That the Obama administration and their fellow Democrats thought that they were doing themselves a political service with their glib and incessant iterations of “if you like you doctor, you can keep your doctor” really is quite the quandary; I suppose it was worth repeating whatever attractive falsehoods they had to in order to pass their crowning legislative achievement, but oh, how heavily that crown lies now that the always very obvious eventuality of insurance companies behaving as rational actors in a wildly manipulated healthcare market is coming due.

The market’s mandated changes mean that insurers are trying to hold down costs by creating smaller, more streamlined networks than those typically available in commercial insurance, and those restrictions are going to translate into fewer options for patients — which is going to come as something of a surprise to the Americans that were assiduously assured that they would be able to keep their doctors.

As millions of new ACA health plans begin 2014 coverage on Wednesday, consumers in some parts of the country, including California, will find that the plans offered under Obamacare give them access to fewer providers than their previous plans or those offered to Americans with job-based health insurance. Narrowing networks — promising select providers higher patient volume in exchange for lower reimbursement rates — is nothing new, but as insurers compete on price in Obamacare’s new exchanges, avoiding expensive hospitals and doctors has new appeal, especially since insurers can no longer exclude sick people or charge them more. …

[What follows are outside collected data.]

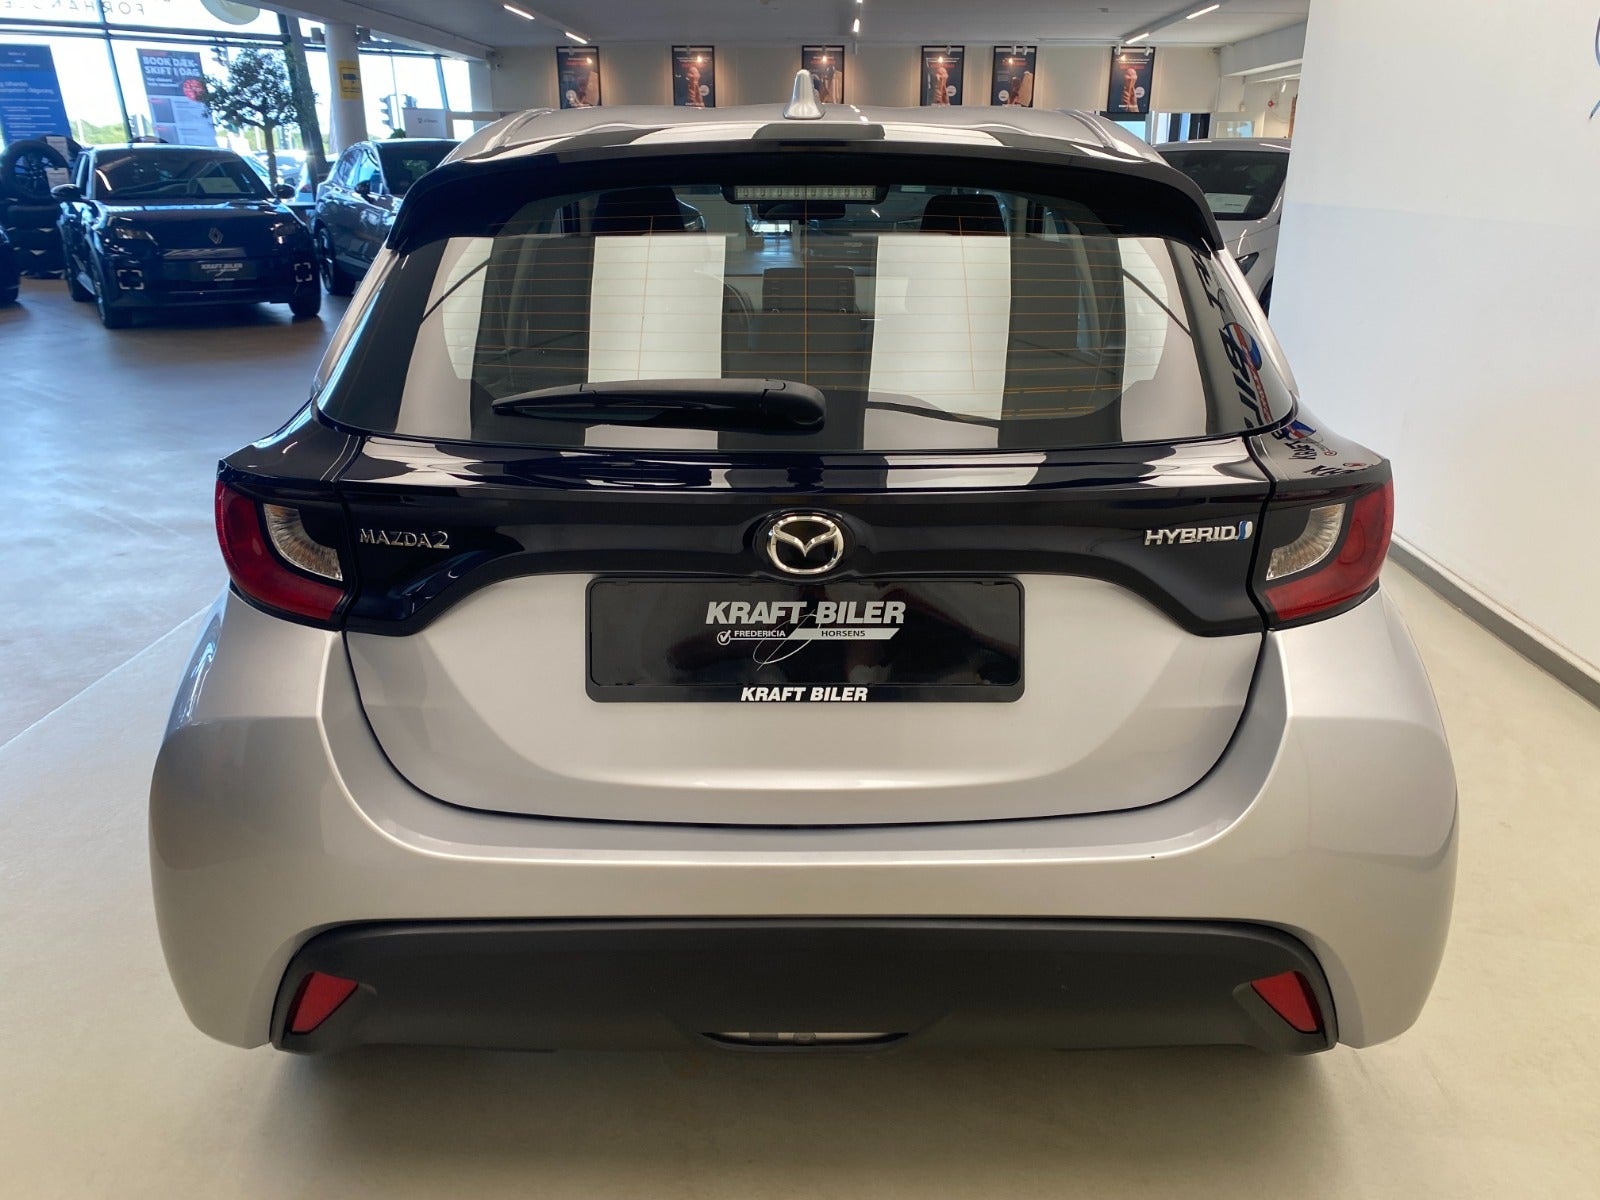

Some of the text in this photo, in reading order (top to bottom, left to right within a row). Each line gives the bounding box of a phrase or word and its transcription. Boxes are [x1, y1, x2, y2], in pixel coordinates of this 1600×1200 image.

[142, 56, 198, 68] BOOK DÆK-
[144, 65, 171, 76] SKIFT
[179, 67, 201, 77] DAG
[359, 528, 450, 549] MAZDA2
[1144, 525, 1238, 546] HYBRID
[705, 601, 907, 625] KRAFT BILER
[734, 630, 786, 638] FREDERICIA
[740, 687, 869, 702] KRAFT BILER

A recent study suggests limited provider networks could become more common in the years ahead as the ACA takes hold. A Dec. 13 McKinsey study of 20 U.S. metropolitan areas found that two-thirds of ACA plans analyzed had “narrow” or “ultra narrow” networks, with at least 30 percent of top 20 hospitals excluded for coverage. The medium premium for plans with narrower networks, according to the study, was 26 percent lower than comparable benefit packages with broad networks.

And in less populated regions than California, the effects of these smaller networks is likely to be even more acute. ObamaCare coverage has been up-and-running for almost a month now, and several Tennesseans have been experiencing the new reality firsthand, via the Free Beacon:

WSMV’s Nancy Amons reported two cases of Obamacare enrollees who have been notified that they will no longer be able to see doctors they were able to visit when they were on their previous plan.

Shawnna Simpson’s fifteen year old daughter was hurt last week in a cheerleading accident. Simpson called her family doctor and learned that they do not accept her current health insurance plan, BlueCross Network E.

“We have health insurance at this point that is worthless,” Simpson said of the plan that she pays $600 a month for. … We can’t use it in the county that we live” she said.

BlueCross Network E is a micro network – a very small network with limited doctors and hospitals. Neither Vanderbilt nor TriStar are in the network.